(Material shown)

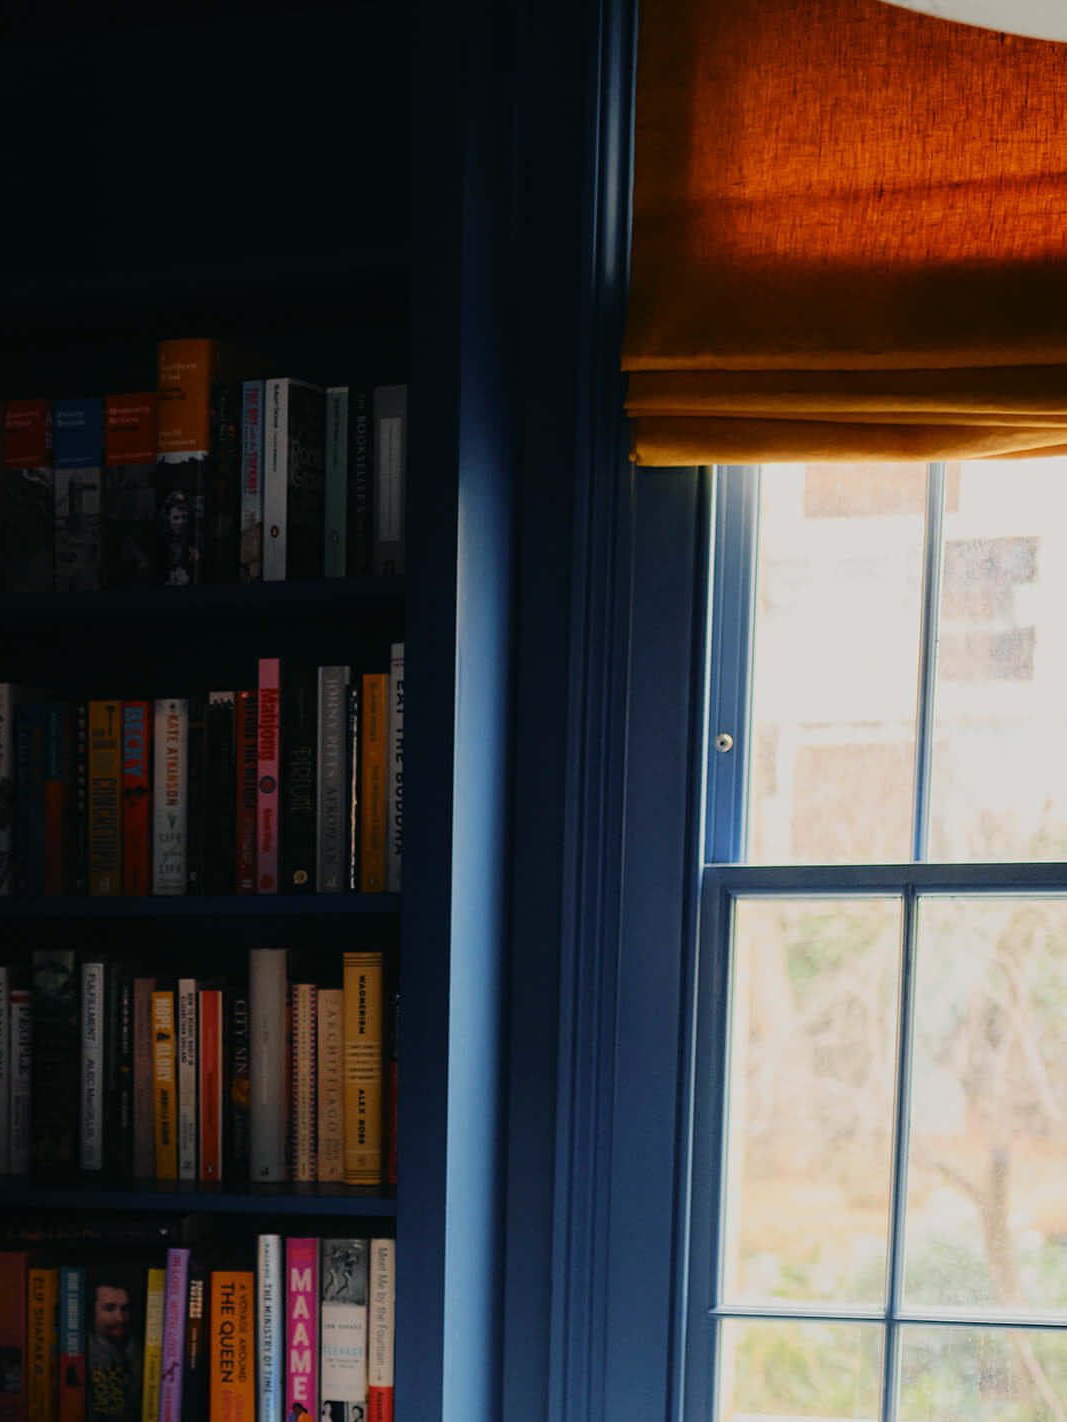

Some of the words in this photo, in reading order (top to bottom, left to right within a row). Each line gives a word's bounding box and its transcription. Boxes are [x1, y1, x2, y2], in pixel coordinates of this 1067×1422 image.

[324, 679, 341, 728] JOHNY
[123, 706, 145, 777] BECKY
[166, 715, 179, 743] KATE
[258, 688, 279, 761] Mahjong
[324, 735, 341, 777] PITTS
[395, 728, 405, 765] THE
[165, 748, 179, 807] ATKINSON
[323, 786, 341, 866] AFROPEAN
[85, 971, 98, 1043] FULFILLMENT
[155, 997, 173, 1031] HOPE
[234, 999, 250, 1035] CITY
[358, 975, 368, 1035] WAGNERISM
[155, 1032, 171, 1042] &
[85, 1058, 97, 1084] ALEC
[155, 1043, 173, 1083] GLORY
[235, 1046, 249, 1074] SIN
[358, 1088, 368, 1114] ALEX
[358, 1119, 368, 1145] ROSS
[376, 1247, 389, 1272] Meet
[220, 1281, 236, 1315] THE
[263, 1283, 274, 1302] THE
[374, 1292, 389, 1305] by
[376, 1274, 389, 1291] Me
[237, 1294, 248, 1333] VOYAGE
[263, 1305, 274, 1352] MINISTRY
[376, 1306, 389, 1322] the
[218, 1320, 236, 1384] QUEEN
[290, 1267, 313, 1401] MAAME
[375, 1324, 388, 1367] Fountain
[237, 1338, 248, 1383] AROUND
[263, 1355, 274, 1368] OF
[263, 1370, 274, 1394] TIME
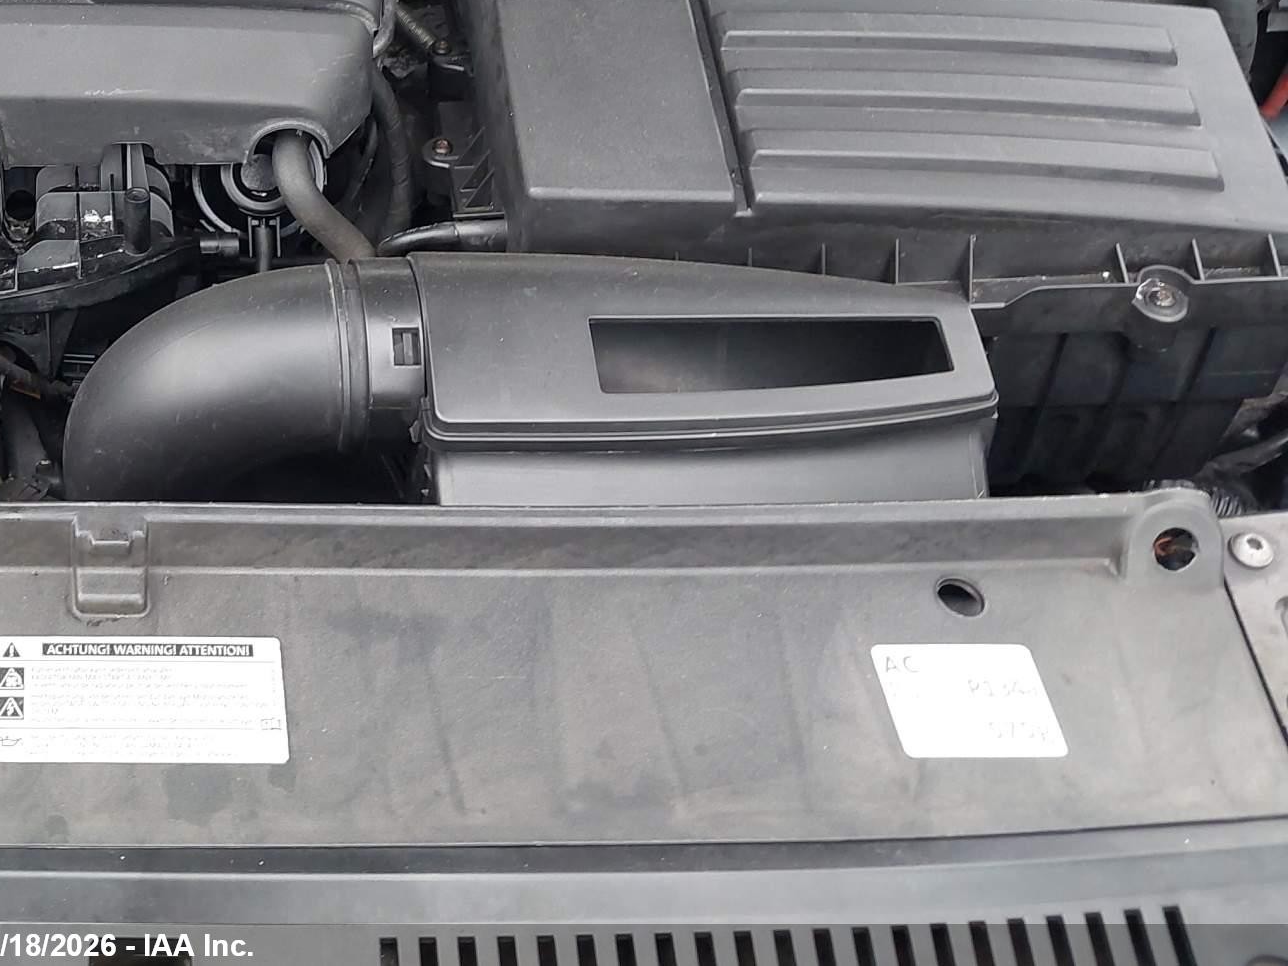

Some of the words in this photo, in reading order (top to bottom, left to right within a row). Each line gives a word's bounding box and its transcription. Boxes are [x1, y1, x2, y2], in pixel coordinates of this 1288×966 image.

[46, 645, 111, 656] ACHTUNG!
[112, 645, 177, 656] WARNING!
[179, 645, 250, 657] ATTENTION!
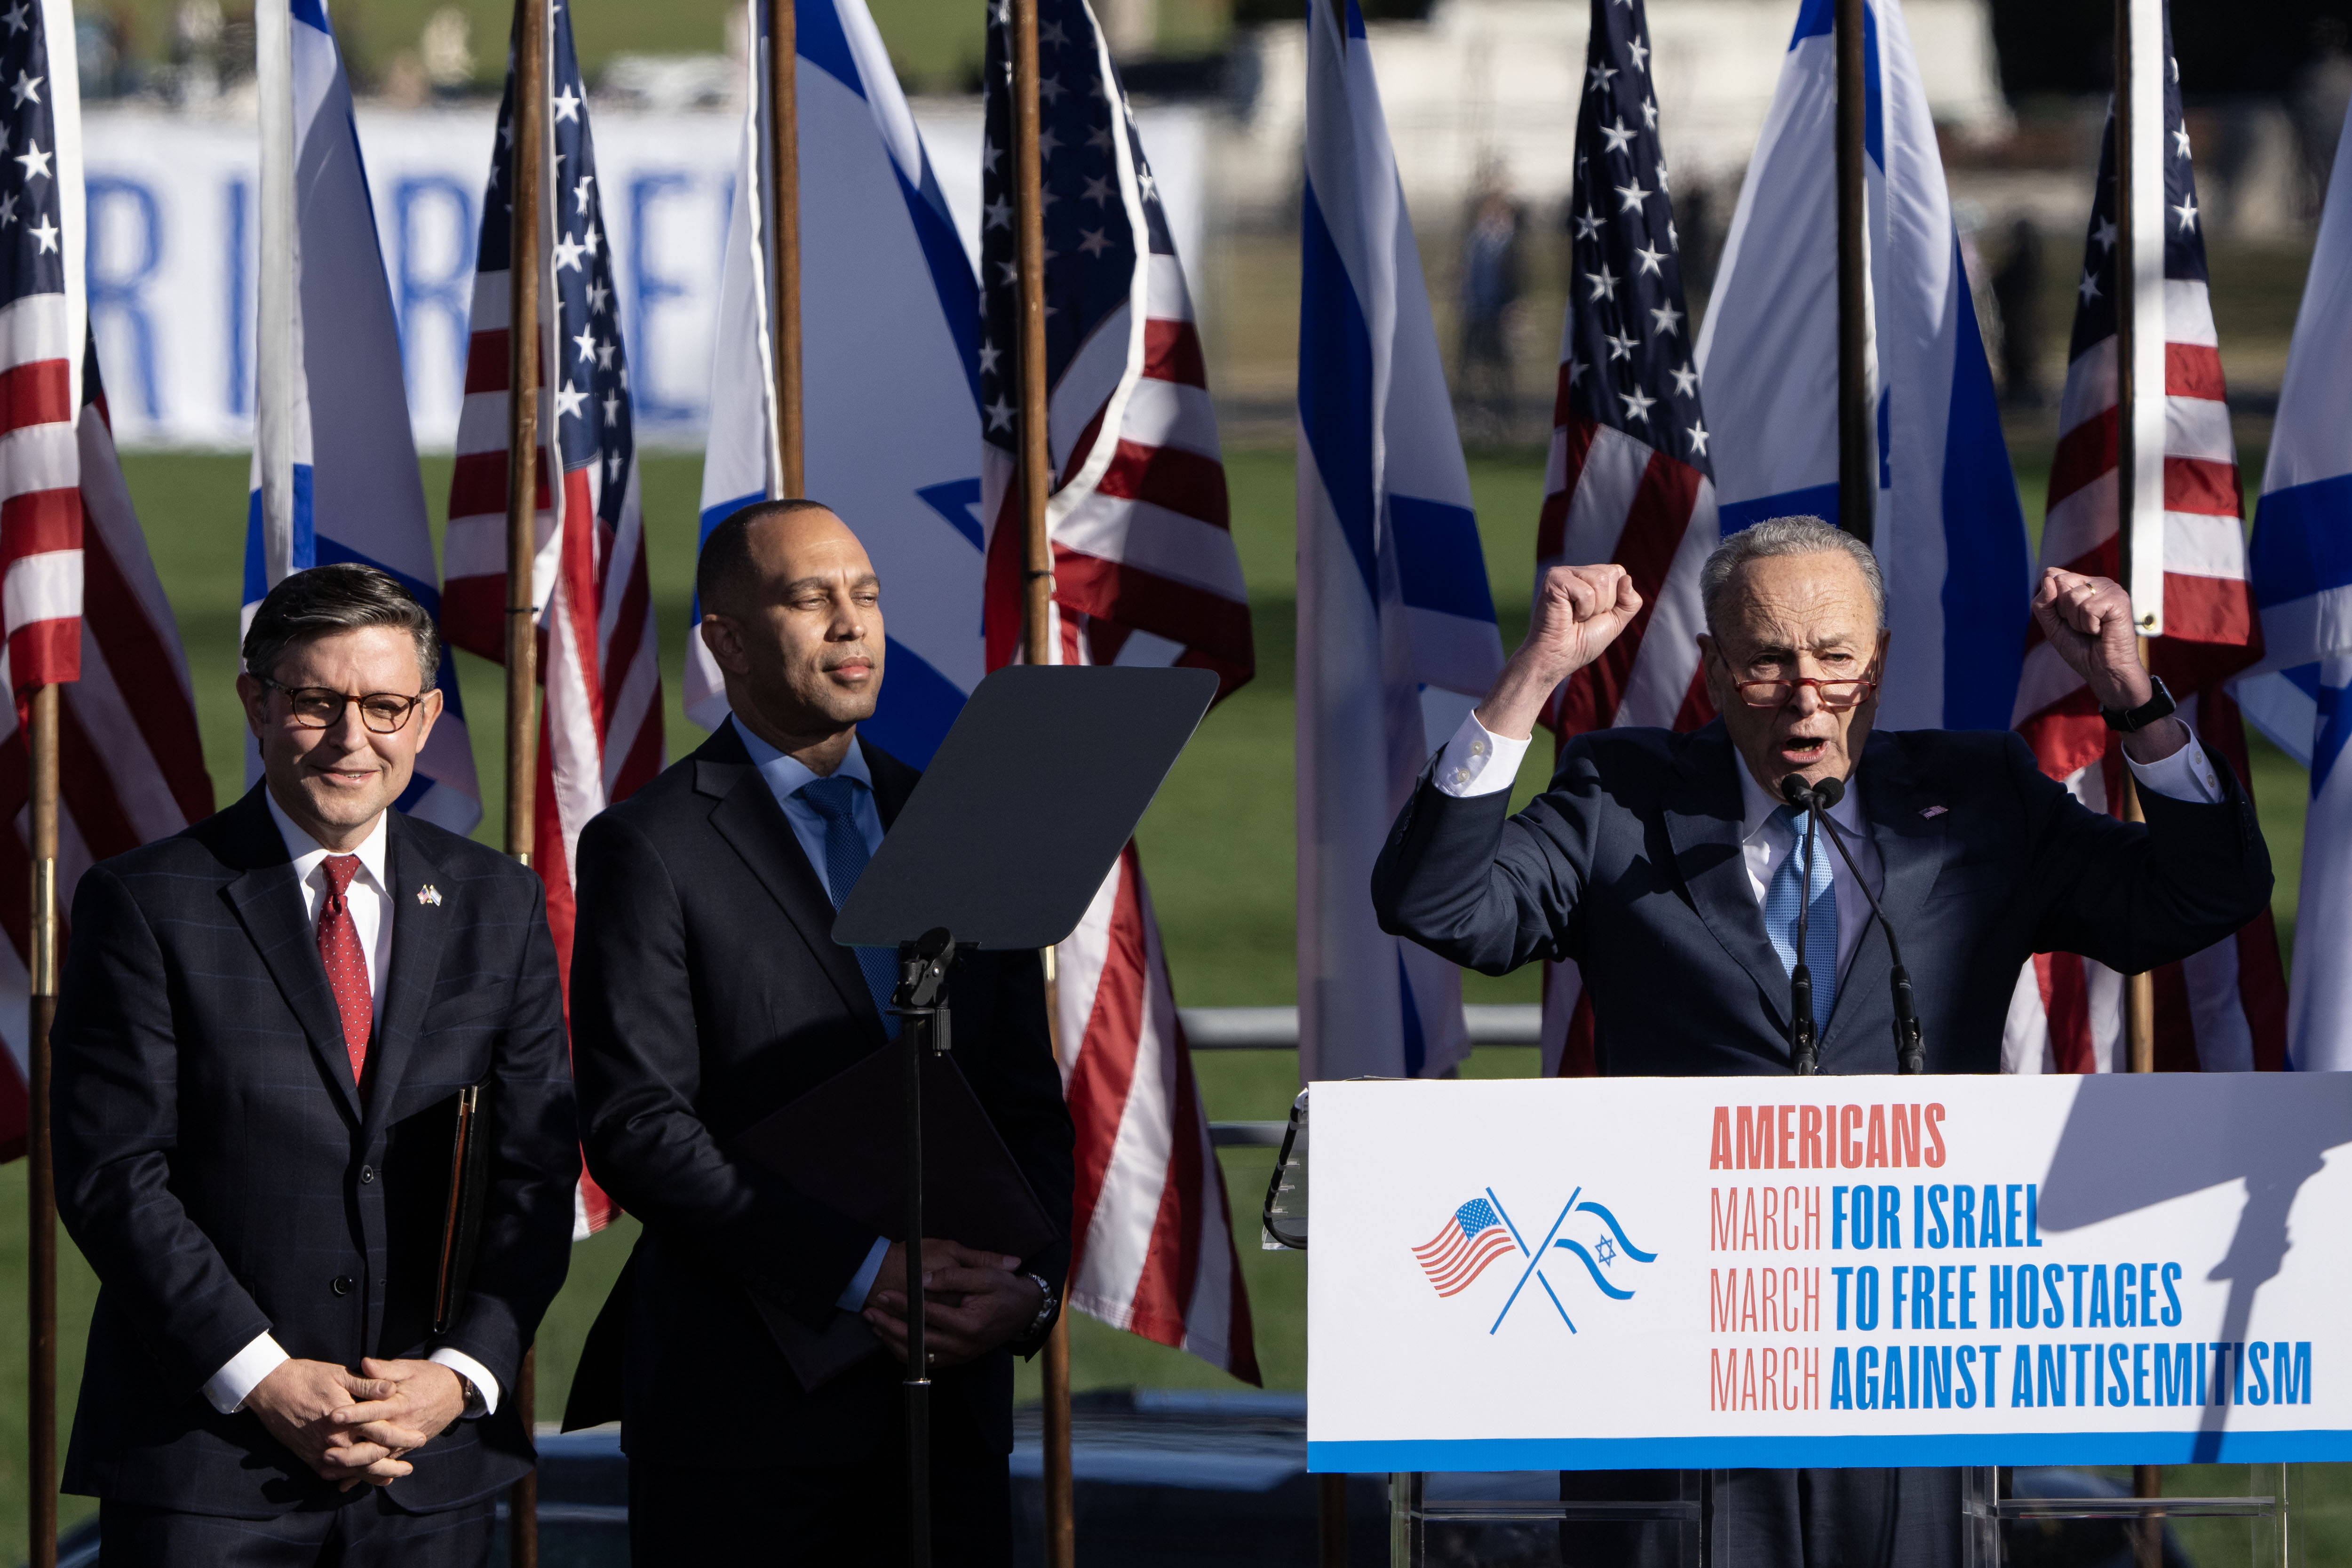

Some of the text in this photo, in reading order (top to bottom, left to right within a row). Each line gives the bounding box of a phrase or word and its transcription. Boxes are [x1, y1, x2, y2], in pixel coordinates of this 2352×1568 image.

(End Material shown)

## [Exercise details]
Make an exact copy of the records above, one that has none of the pictures.

## [Response]
Some of the words in this photo, in reading order (top to bottom, left to right within a row). Each line gives a word's bounding box and its transcription. Boxes are [x1, y1, x2, y2], in pixel coordinates of this 1067×1422 image.

[324, 679, 341, 728] JOHNY
[123, 706, 145, 777] BECKY
[166, 715, 179, 743] KATE
[258, 688, 279, 761] Mahjong
[324, 735, 341, 777] PITTS
[395, 728, 405, 765] THE
[165, 748, 179, 807] ATKINSON
[323, 786, 341, 866] AFROPEAN
[85, 971, 98, 1043] FULFILLMENT
[155, 997, 173, 1031] HOPE
[234, 999, 250, 1035] CITY
[358, 975, 368, 1035] WAGNERISM
[155, 1032, 171, 1042] &
[85, 1058, 97, 1084] ALEC
[155, 1043, 173, 1083] GLORY
[235, 1046, 249, 1074] SIN
[358, 1088, 368, 1114] ALEX
[358, 1119, 368, 1145] ROSS
[376, 1247, 389, 1272] Meet
[220, 1281, 236, 1315] THE
[263, 1283, 274, 1302] THE
[374, 1292, 389, 1305] by
[376, 1274, 389, 1291] Me
[237, 1294, 248, 1333] VOYAGE
[263, 1305, 274, 1352] MINISTRY
[376, 1306, 389, 1322] the
[218, 1320, 236, 1384] QUEEN
[290, 1267, 313, 1401] MAAME
[375, 1324, 388, 1367] Fountain
[237, 1338, 248, 1383] AROUND
[263, 1355, 274, 1368] OF
[263, 1370, 274, 1394] TIME

Some of the words in this photo, in reading order (top to bottom, left to right within a row). Each line gives a word's bounding box and its transcription. Boxes are [x1, y1, x2, y2], in pixel coordinates of this 1288×966 image.

[46, 645, 111, 656] ACHTUNG!
[112, 645, 177, 656] WARNING!
[179, 645, 250, 657] ATTENTION!

Some of the text in this photo, in reading order (top to bottom, left to right within a row). Each line gives the bounding box of a phrase or word and its transcription. Boxes are [x1, y1, x2, y2], in pixel coordinates of this 2352×1568 image.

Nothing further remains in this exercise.